To overcome this lack, software publishers are adapting. Tesla, for example, modified some of its software to accommodate alternative chips. States are also taking up the subject. In the United States, President Biden presented an infrastructure plan including a $50 billion package to expand national chipmaking capacity. In the European Union, lawmakers are scrambling to pass a law to uphold “technological sovereignty” aimed at increasing the volume of chips developed in Europe. Taiwan’s TSMC, the world’s largest chipmaker, has pledged $100 billion over the next three years to ramp up production.

Buy now, pay later (BNPL)

Buy now, pay later

The “Buy Now Pay Later” (BNPL) solution is beginning to have a lasting impact on the e-commerce and payment sector due to growing consumer adoption. GP Bullhound even talks about abandoning the bank card in favor of the BNPL, which avoids overdraft fees and the costs associated with taking out credit.

This solution is of particular interest to younger generations since 26% of Millennials and Gen Z already use BNPL plans for their purchases. Affirm, one of BNPL’s leading service providers, has shown that merchants adopting its solution have seen an average of 85% increase in order size. Specialists are expecting this trend to continue as small businesses transition to omnichannel. 68% of them already believe that BNPL plans facilitate sales.

The e-commerce and tech giants did not hesitate for long to enter this niche. In 2021, Square acquired Afterpay, Amazon partnered with Affirm, and Apple announced it would provide its own BNPL products. BNPL’s global spending is expected to reach $995 billion and the number of users to exceed 1.5 billion by 2026, up from 266 billion and 340 million respectively in 2021.

Decentralized finance

defi

Decentralized finance (DeFi) is booming after two years of astonishing growth. The value of cryptocurrencies deposited as collateral increased 14 times in the past year, surpassing $1 billion in June 2020. The rapid pace of compliance innovation is driving wider adoption by institutions, and soon by the general public, which remains at an early stage compared to the wider crypto industry. At the time of writing, over $100 billion is now locked in DeFi protocols on the Ethereum blockchain on which most DeFi applications are built.

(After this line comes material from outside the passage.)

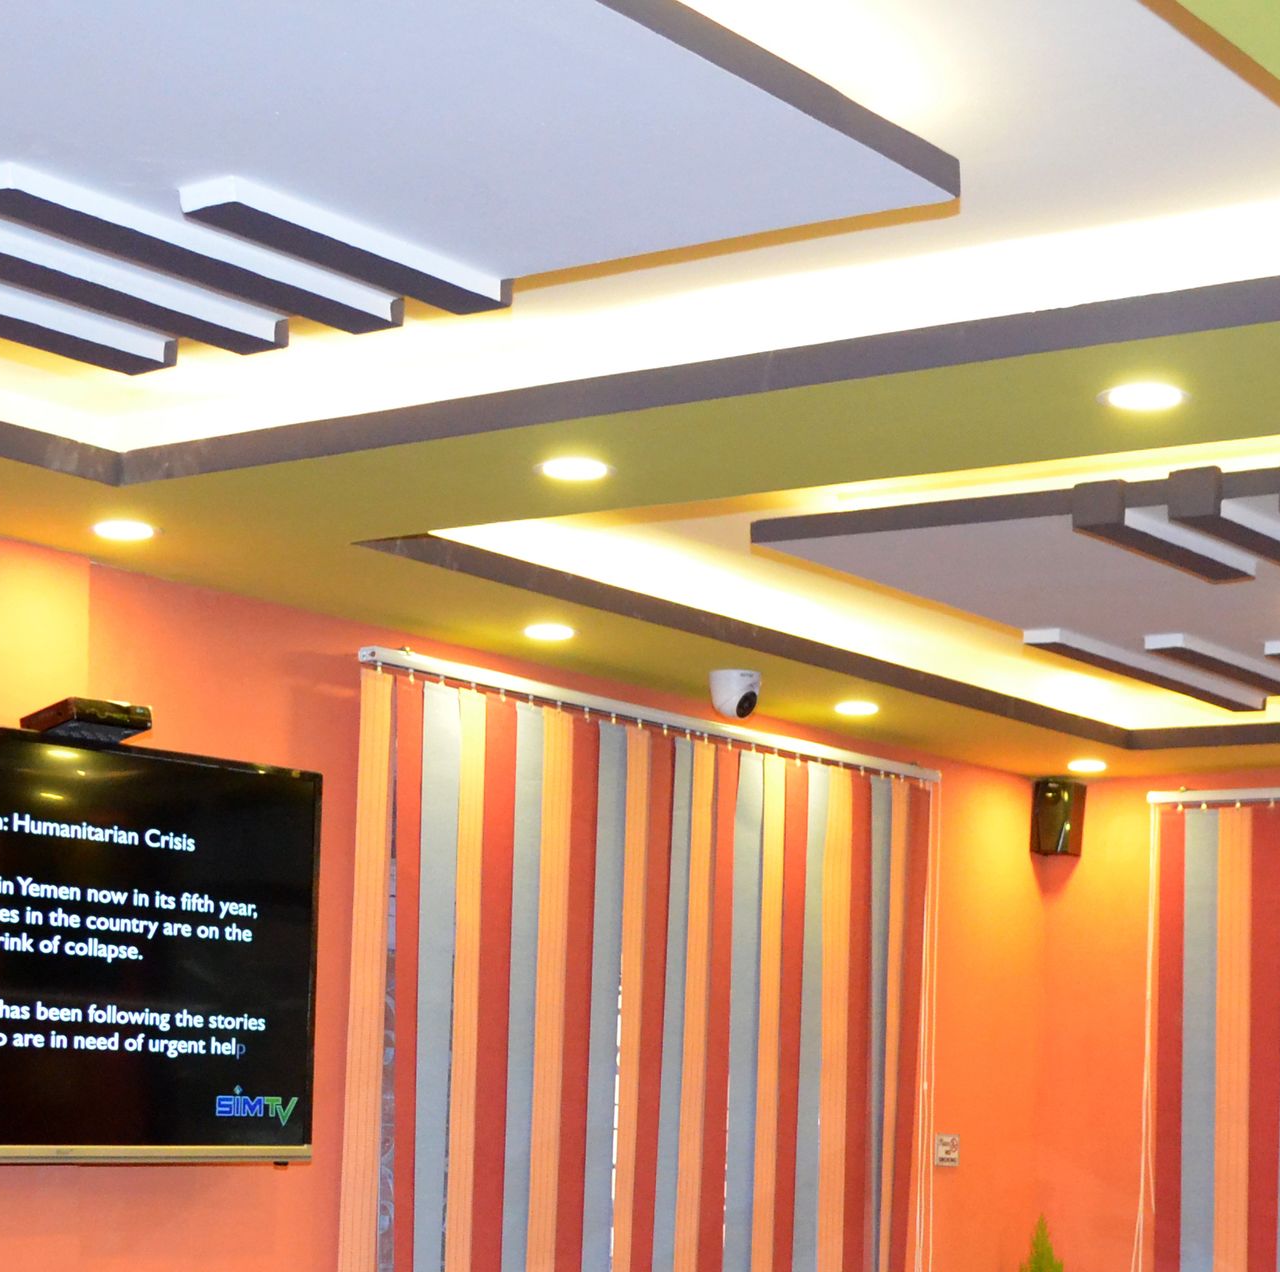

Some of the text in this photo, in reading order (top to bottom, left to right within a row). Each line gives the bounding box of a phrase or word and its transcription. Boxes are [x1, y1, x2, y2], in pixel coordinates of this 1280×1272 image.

By allowing anyone to create protocols that replicate existing financial services using public blockchains and smart contracts, platforms like Ethereum enable secure, permissionless, and middleman-free financial transactions.

These decentralized financial applications – which touch the entire financial value chain – are redefining traditional financial services and offering unprecedented levels of global transparency, interoperability and equal access.
These new technologies, like NFTs, will face many adoption, evolution, governance and regulatory challenges.

ARM replaces the Intel chips

ARM replaces the Intel chips

For decades, the use of ARM processors was limited to mobile devices. Now, their efficiency and versatility have distinct advantages for machine learning applications. Another advantage is the possibility of deploying them in mobile or desktop devices.

Given the versatility and power efficiency of ARM processors, applications span the entire range of IoT devices. ARM-powered devices will be able to run advanced artificial intelligence algorithms to process more data and make better inferences. Their use has been mostly limited to enhancing smartphone functions, such as facial recognition, fingerprint scanning, and voice-activated commands. Future uses could make autonomous vehicles safer, improve the functionality of wearable medical devices, and more.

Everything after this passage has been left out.